I agree with CanNotYet. I also have a 60D and agree it would be nice to have that 18-250 for the same reasons and situations you mention. For my money, I'd rather pick up the SX50 instead. For just a few dollars more, you get a very capable camera with some interesting features. I'd have a lot more use for the SX50 than I would for that lens.


----------



## Rienzphotoz (Feb 5, 2013)

When it comes to image quality, SX50 is no match to 60D + 18-250 OS
SX50 also has shutter lag ... if you are used to 60D shutter responsiveness you will not like the lag in SX50, as the difference in lag is significant to he point of frustration.
But if you don't care about image quality, SX50 is more convenient than 60D+18-250 OS


----------



## skycolt (Feb 5, 2013)

I bought the lens 3 months ago @550 and didn't regret having that. I used tamron 18-270 vzd before. This lens is smaller, lighter and sharper, at least on the long end. It stick on my 7D for my daily use. It has macro mode, which I like very much. Sharpness could be similar to 55-250. I don't have that lens anymore so no real comparison. The problem is that focus is not very fast, and my lens does need -11 MA to be sharp.



Scarpz13 said:


> Hello
> Anyone have any experience/sample images with this lens? I know it is probably not great; but B&H has it on for $399 on sale. Thought it might be ok to stick on my 60D for when the family goes to amusement parks, zoo, etc, for when I don't want to change lenses or carry a large kit.
> 
> Thanks for your two cents!


----------



## CanNotYet (Feb 5, 2013)

Rienz: you are quite correct in the IQ and responsiveness comments. But, I would argue that the use the OP is suggesting for their setup, lends itself very well for the SX50. Usually daylight photos, not often fast moving objects, and I would like the possibility to get a close-up at the top of the rollercoaster, just before the first drop, all while standing on the ground. 
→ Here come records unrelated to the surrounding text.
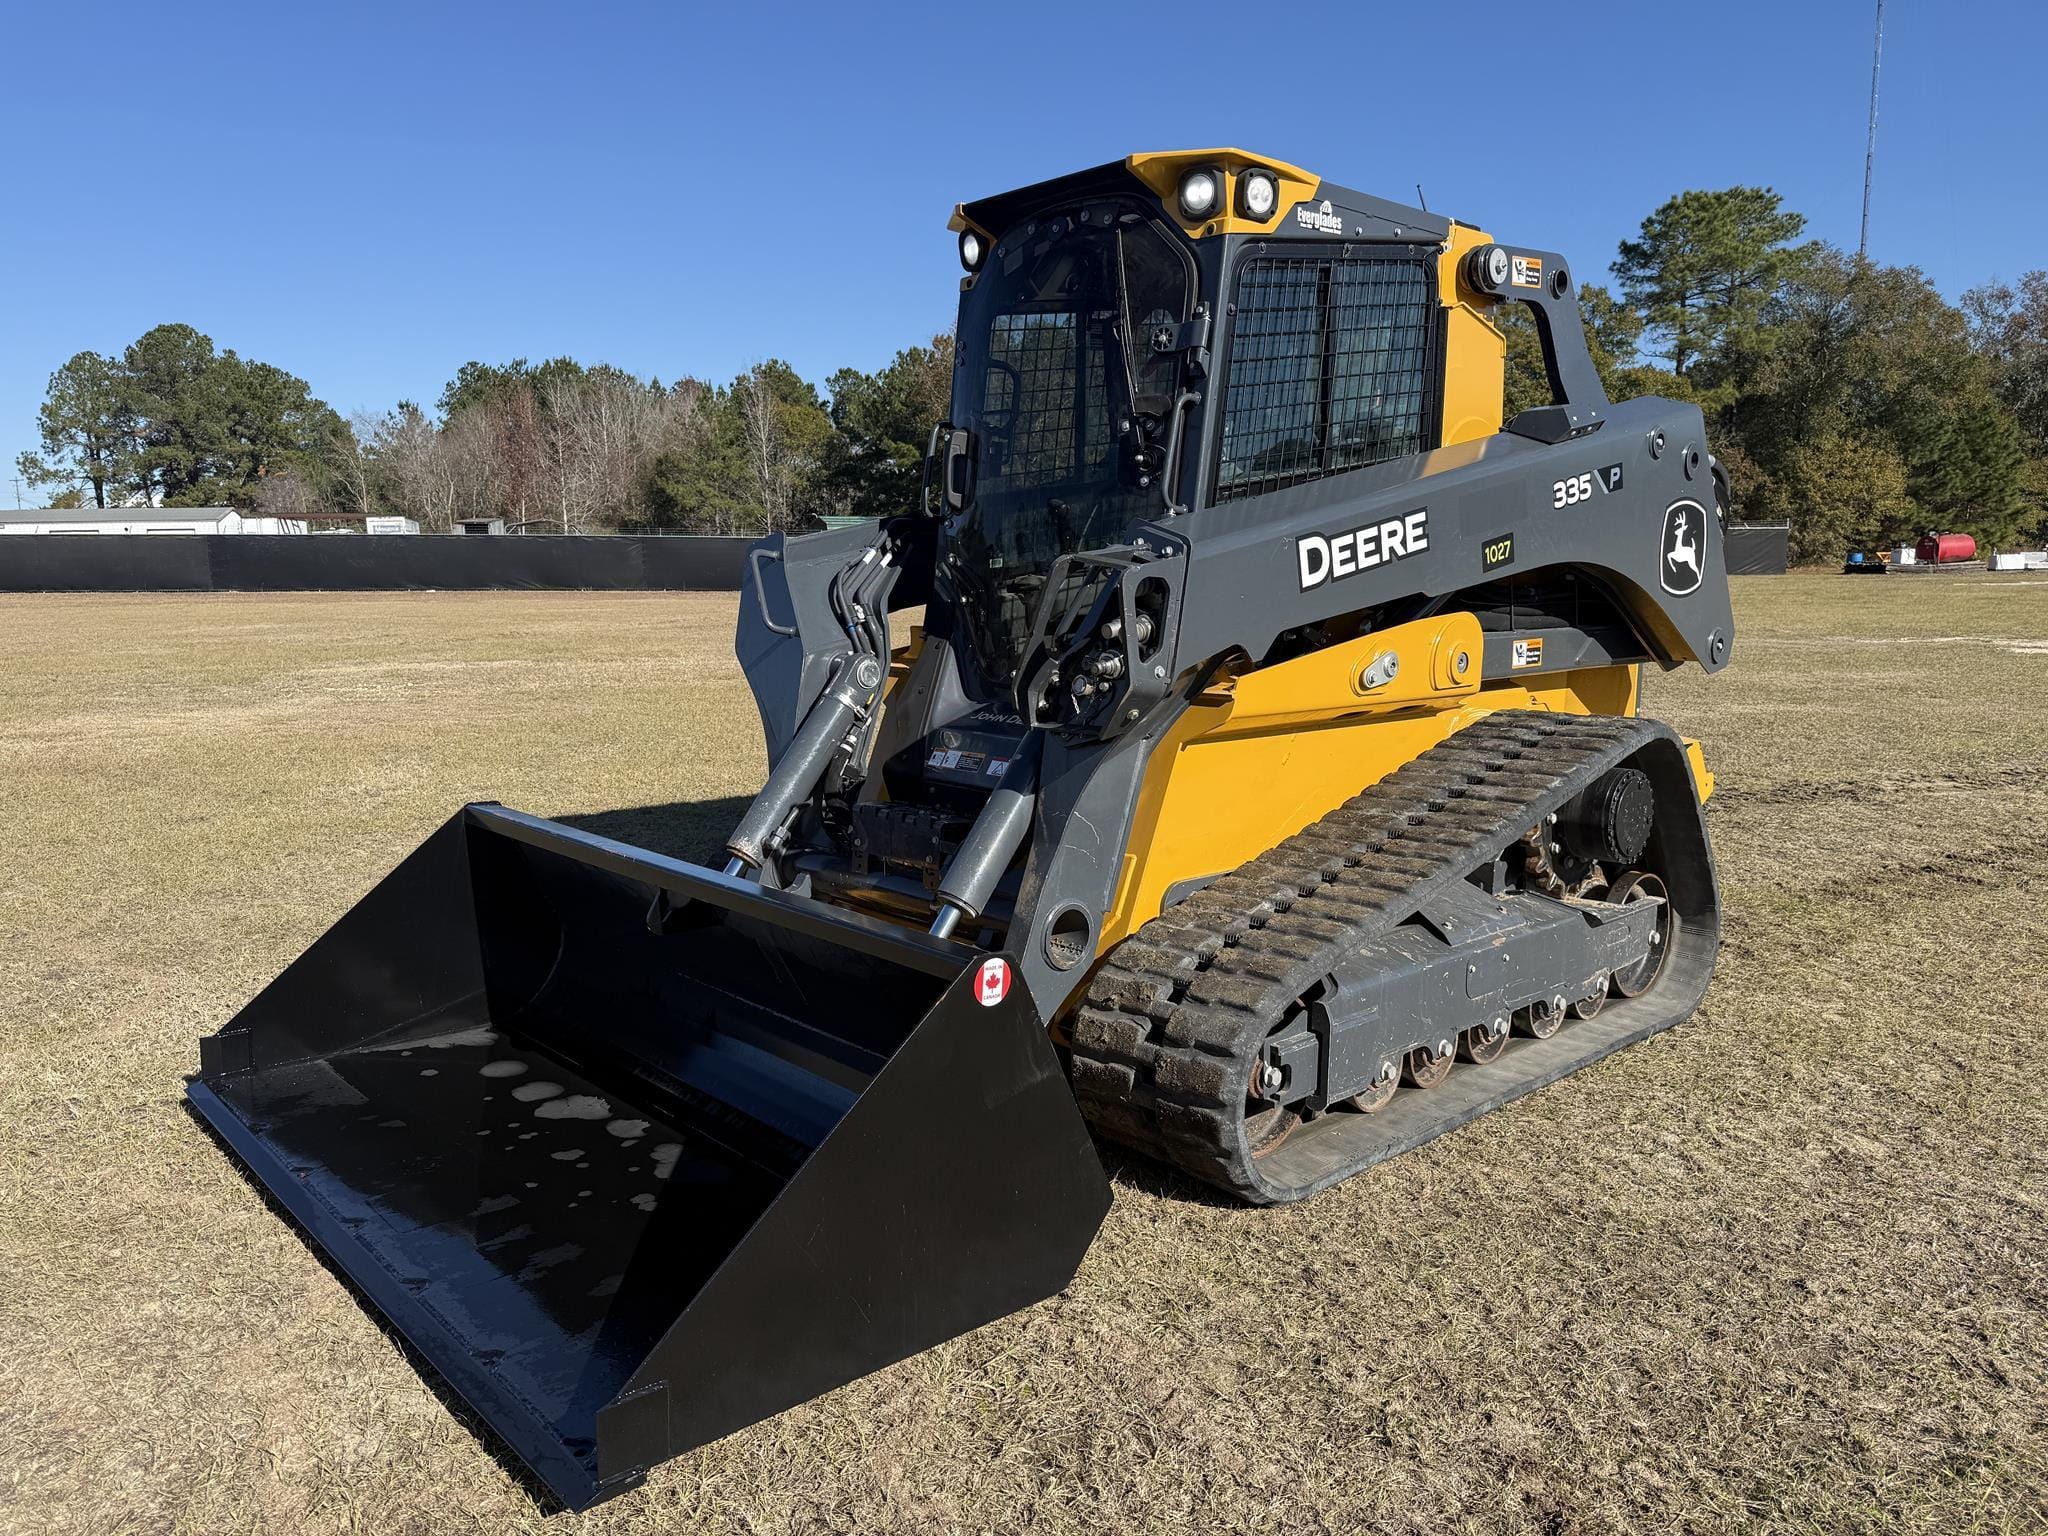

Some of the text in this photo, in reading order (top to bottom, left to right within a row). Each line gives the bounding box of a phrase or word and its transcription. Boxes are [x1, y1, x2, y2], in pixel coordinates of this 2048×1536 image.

[1297, 206, 1343, 230] Everglades
[1553, 472, 1592, 509] 335
[1297, 510, 1429, 590] DEERE
[1484, 540, 1511, 565] 1027
[970, 711, 1008, 722] JOHN
[983, 993, 1001, 1001] CANADA
For fun family and vacation pictures in daylight, the SX50 is more than capable of delivering nice pics, and you never have to switch lenses, and as I mentioned, it weighs less than the lens, making it easy to handle for kids and the like, when the OP wants a pic of themselves in the rollercoaster...


----------



## Rienzphotoz (Feb 5, 2013)

CanNotYet said:


> Rienz: you are quite correct in the IQ and responsiveness comments. But, I would argue that the use the OP is suggesting for their setup, lends itself very well for the SX50. Usually daylight photos, not often fast moving objects, and I would like the possibility to get a close-up at the top of the rollercoaster, just before the first drop, all while standing on the ground.
> 
> For fun family and vacation pictures in daylight, the SX50 is more than capable of delivering nice pics, and you never have to switch lenses, and as I mentioned, it weighs less than the lens, making it easy to handle for kids and the like, when the OP wants a pic of themselves in the rollercoaster...
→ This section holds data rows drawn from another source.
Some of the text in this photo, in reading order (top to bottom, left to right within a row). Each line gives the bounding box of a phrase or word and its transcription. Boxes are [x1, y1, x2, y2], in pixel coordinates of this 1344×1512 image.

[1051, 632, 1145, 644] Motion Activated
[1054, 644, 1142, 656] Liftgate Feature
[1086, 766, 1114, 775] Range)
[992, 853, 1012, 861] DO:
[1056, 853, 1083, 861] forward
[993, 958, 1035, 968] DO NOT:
I totally agree with your logic about the convenience of SX50
But the OP's question was "Anyone have any experience/sample images with this lens?" ... if I am not wrong I don't think he is looking for a super zoom point and shoot camera.


----------



## Scarpz13 (Feb 5, 2013)

Yea, I'm pretty sure my wife would kill me if I bought yet ANOTHER camera. I don't mind carrying the 60D with me on family trips either. In fact, since getting the 5Diii, it seems rather light!
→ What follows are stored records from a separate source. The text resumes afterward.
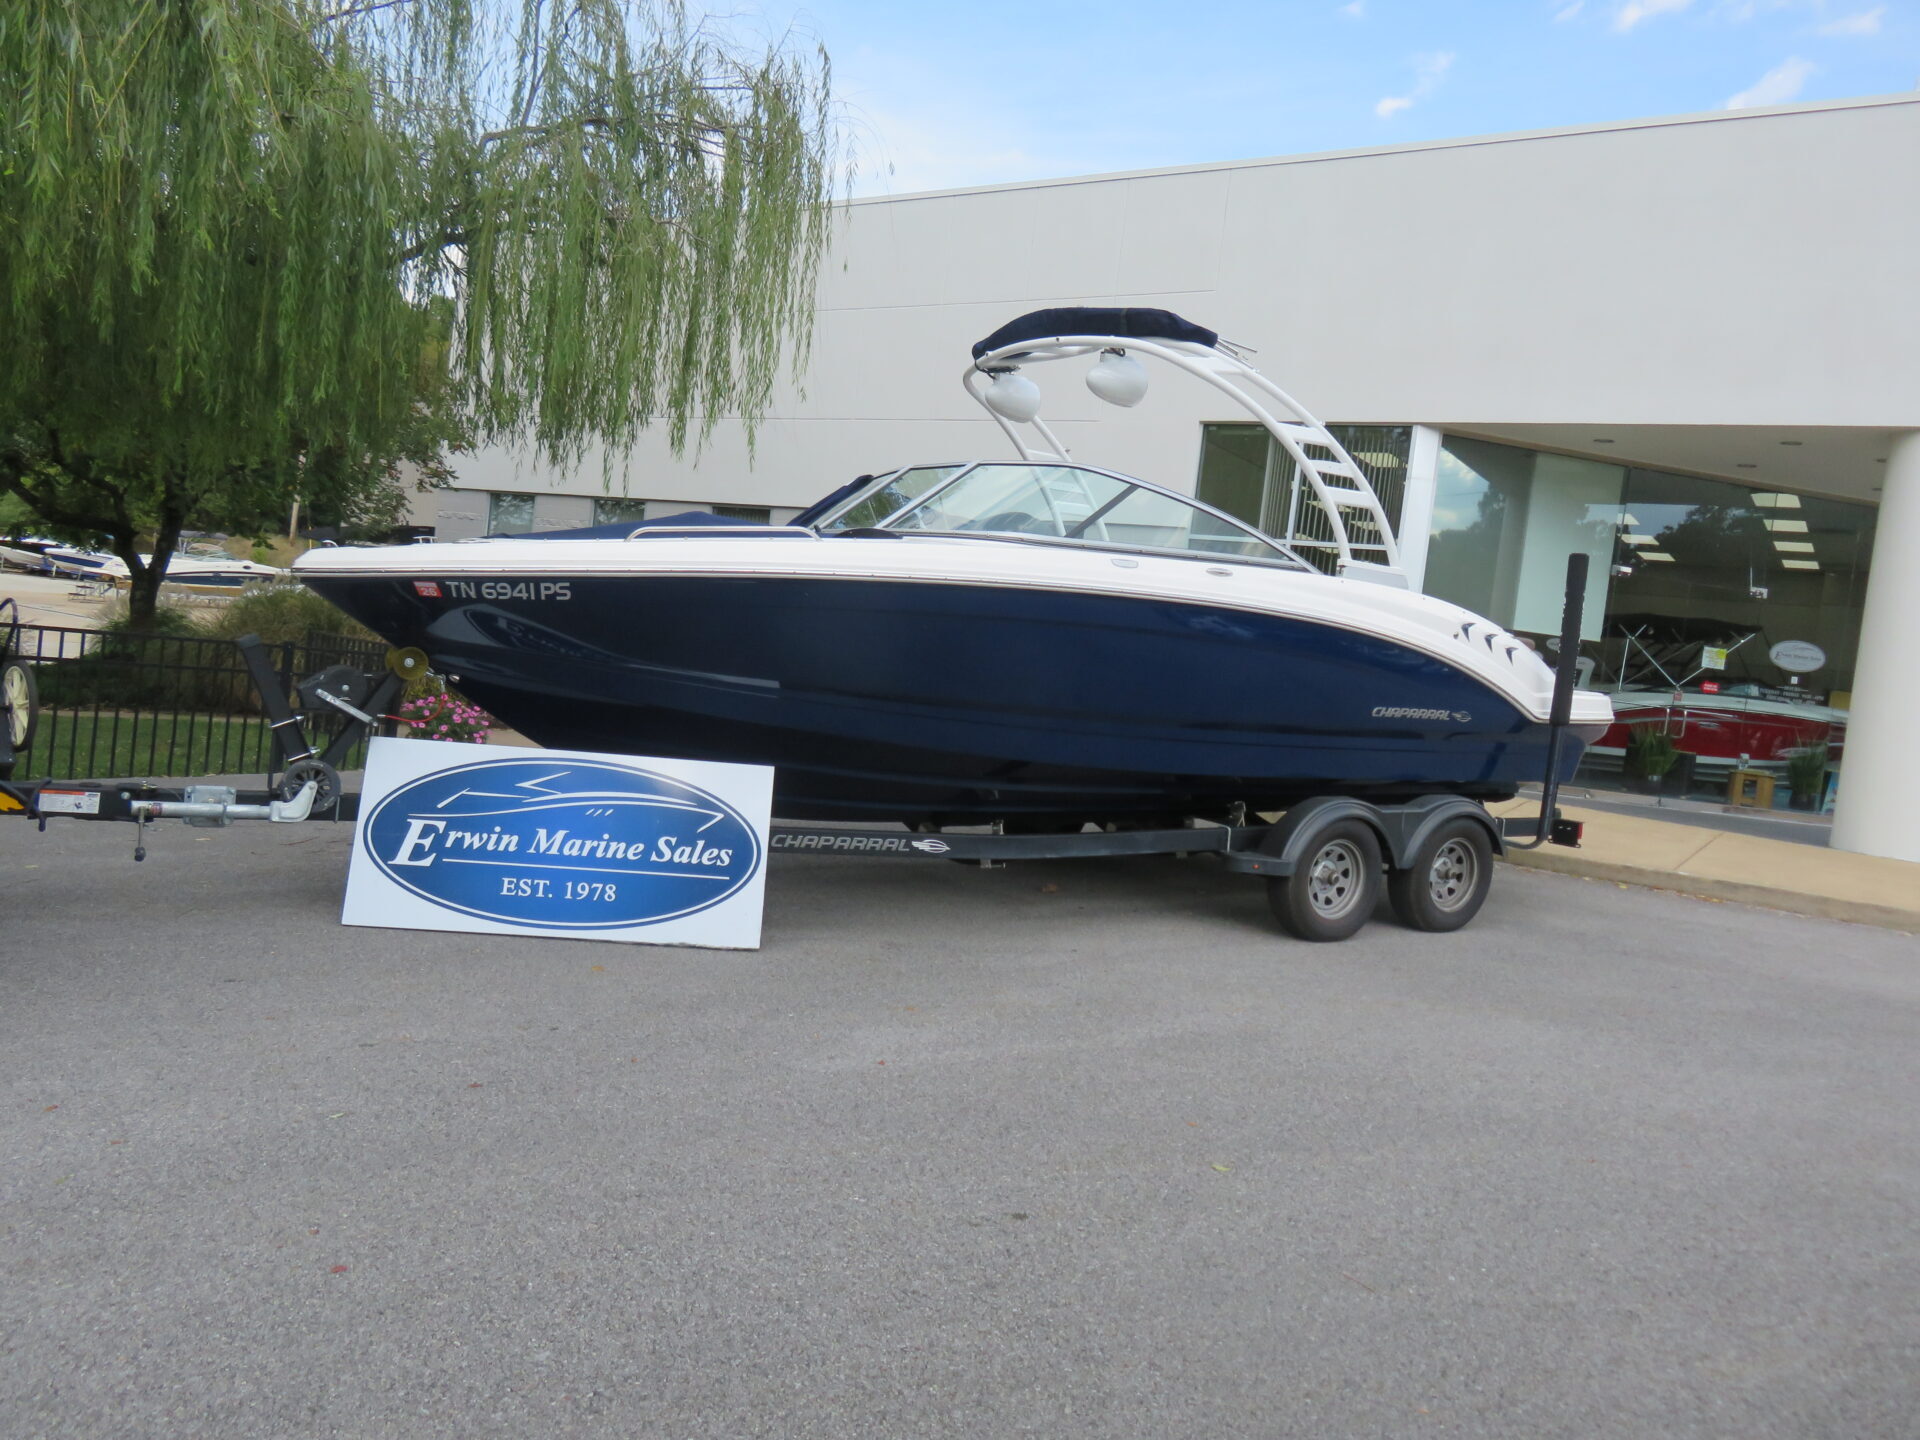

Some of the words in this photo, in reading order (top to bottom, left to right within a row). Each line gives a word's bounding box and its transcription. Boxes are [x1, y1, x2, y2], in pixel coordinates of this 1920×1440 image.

[419, 587, 438, 597] 26
[445, 581, 477, 599] TN
[481, 582, 536, 600] 6941
[540, 582, 572, 600] PS
[1371, 706, 1451, 721] CHAPARRAL
[387, 818, 520, 867] Erwin
[526, 828, 645, 861] Marine
[650, 835, 733, 867] Sales
[770, 834, 910, 852] CHAPARRAL
[500, 877, 553, 899] EST.
[564, 881, 617, 902] 1978
I am not sure I would be willing to sacrifice the picture quality & speed of the 60D to get the SX50, even though I am sure it is a fine camera.


----------



## CanNotYet (Feb 5, 2013)

True that Scarpz! Convincing the partner is one thing we all have to deal with. 
Good luck with your purchase!


----------



## emag (Feb 5, 2013)

Scarpz13 said:


> Yea, I'm pretty sure my wife would kill me if I bought yet ANOTHER camera.



I can certainly sympathize with that ;D Get the lens, you'll enjoy it.


----------



## Don Haines (Feb 6, 2013)

I carry a 60D and the canon 18-200 when hiking. It is not the greatest lens in the world.... but it is convenient. No swapping lenses in and out, easy to carry, and certainly decent enough quality for the web or slideshows. In hiking, what I can carry is the limiting factor. 

As long as you are outdoors any comparable lens, like the sigma and the tamron, should act well. AF feed and image quality will be nowhere near as good as a nice Lglass prime.... but then again you will not be spending $8000 either.

Your worst case scenario is that you buy the lens at a great deal, try it for a while and decide you don't like it, and then sell it as almost new for close to what you paid for it..... not a whole lot of risk....


----------